━━━ Data
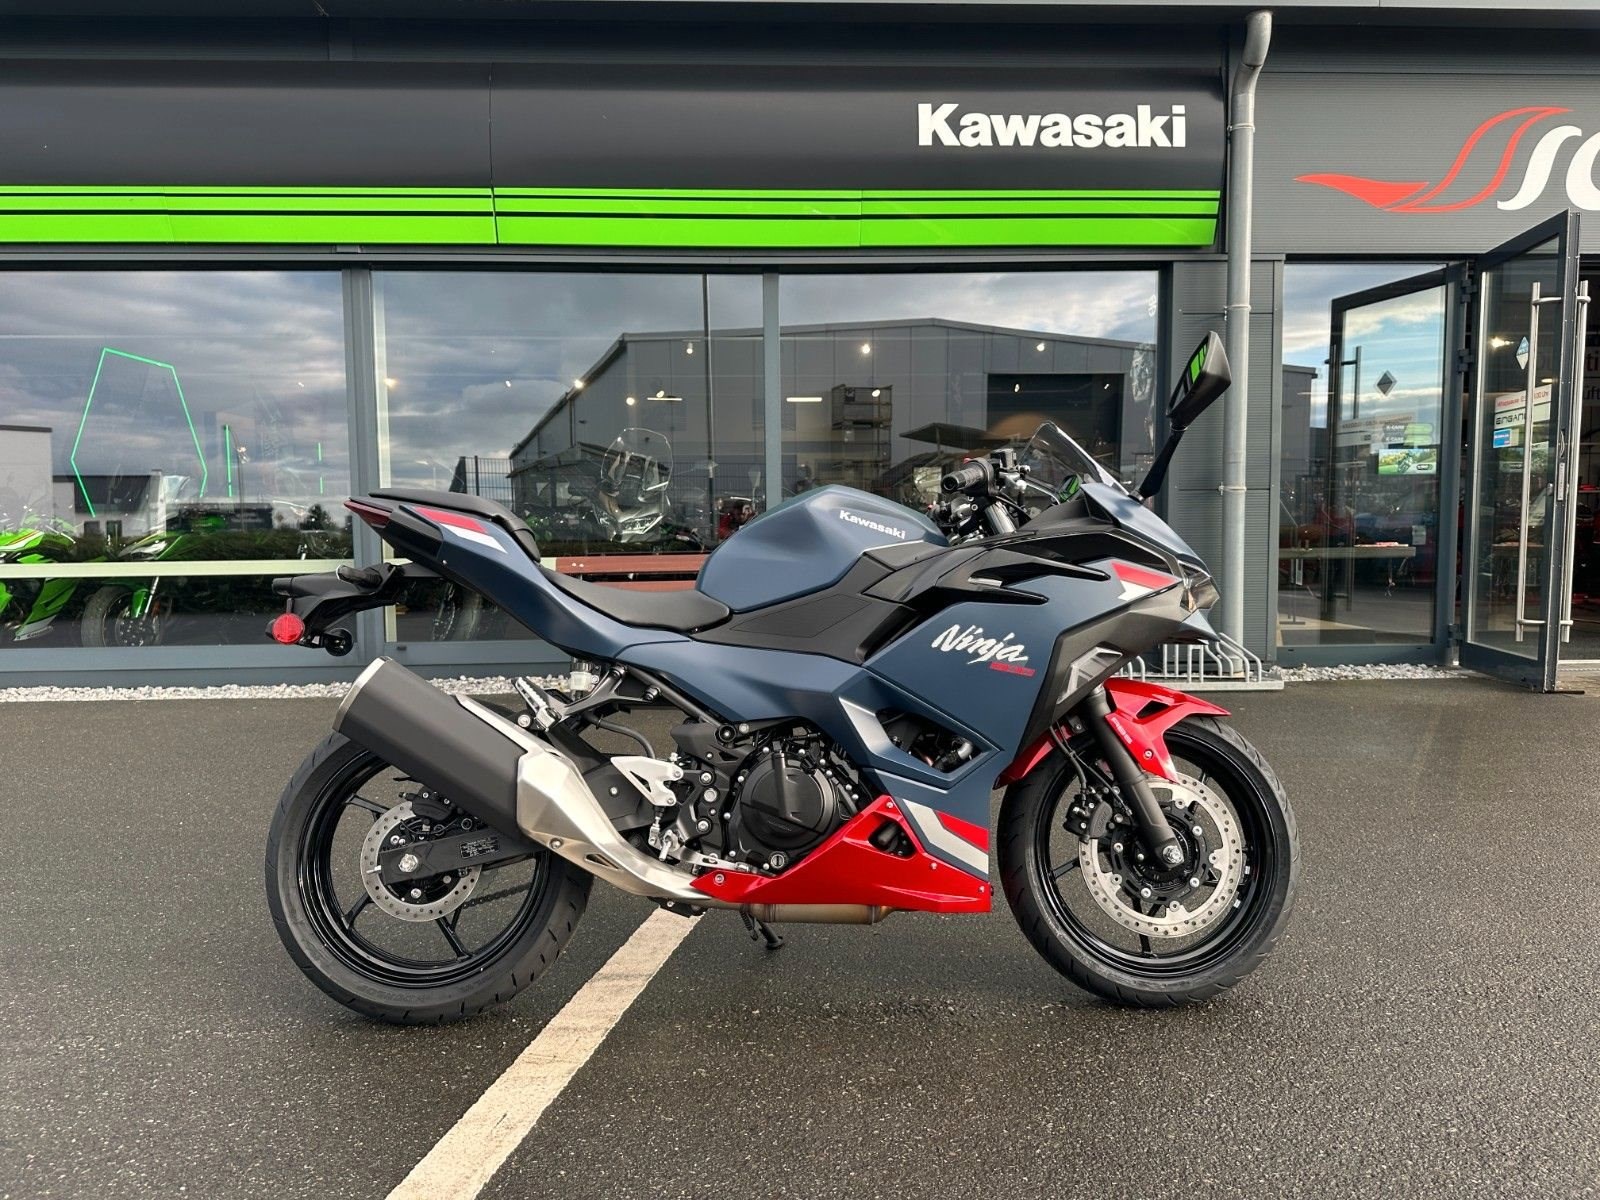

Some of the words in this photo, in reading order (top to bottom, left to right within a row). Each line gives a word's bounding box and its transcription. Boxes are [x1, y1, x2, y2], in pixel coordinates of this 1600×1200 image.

[918, 103, 1186, 148] Kawasaki
[1496, 413, 1527, 425] EINGAN
[840, 510, 906, 540] Kawasaki
[931, 624, 1029, 665] Ninja
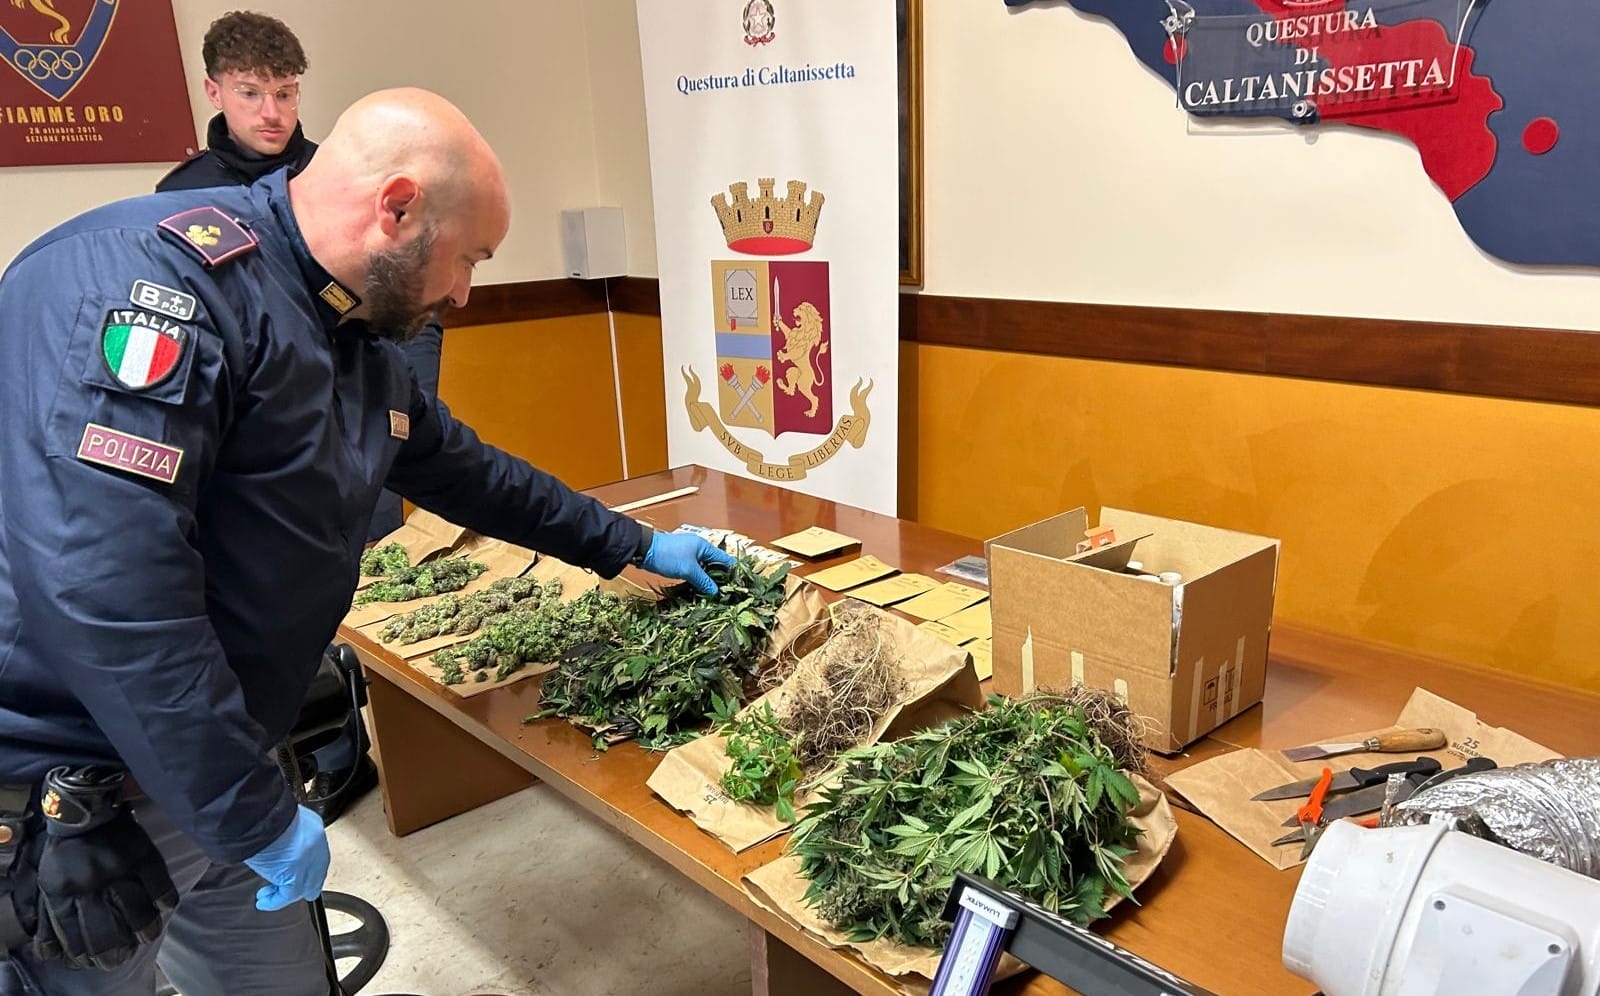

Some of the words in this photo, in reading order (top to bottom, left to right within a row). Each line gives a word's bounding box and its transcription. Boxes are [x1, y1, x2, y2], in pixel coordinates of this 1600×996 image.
━━━━━━
**Directions**
Output the entries above verbatim. Omit the images.

**Response box**
Some of the words in this photo, in reading order (top to bottom, left to right within a row). Each line gives a word's bounding box and its transcription. Boxes are [x1, y1, x2, y2], in pixel coordinates of this 1600×1200 image.

[918, 103, 1186, 148] Kawasaki
[1496, 413, 1527, 425] EINGAN
[840, 510, 906, 540] Kawasaki
[931, 624, 1029, 665] Ninja

Some of the words in this photo, in reading order (top to bottom, left to right within a row). Each line gives a word's bounding box and its transcription. Boxes are [x1, y1, x2, y2], in pixel coordinates of this 1600×996 image.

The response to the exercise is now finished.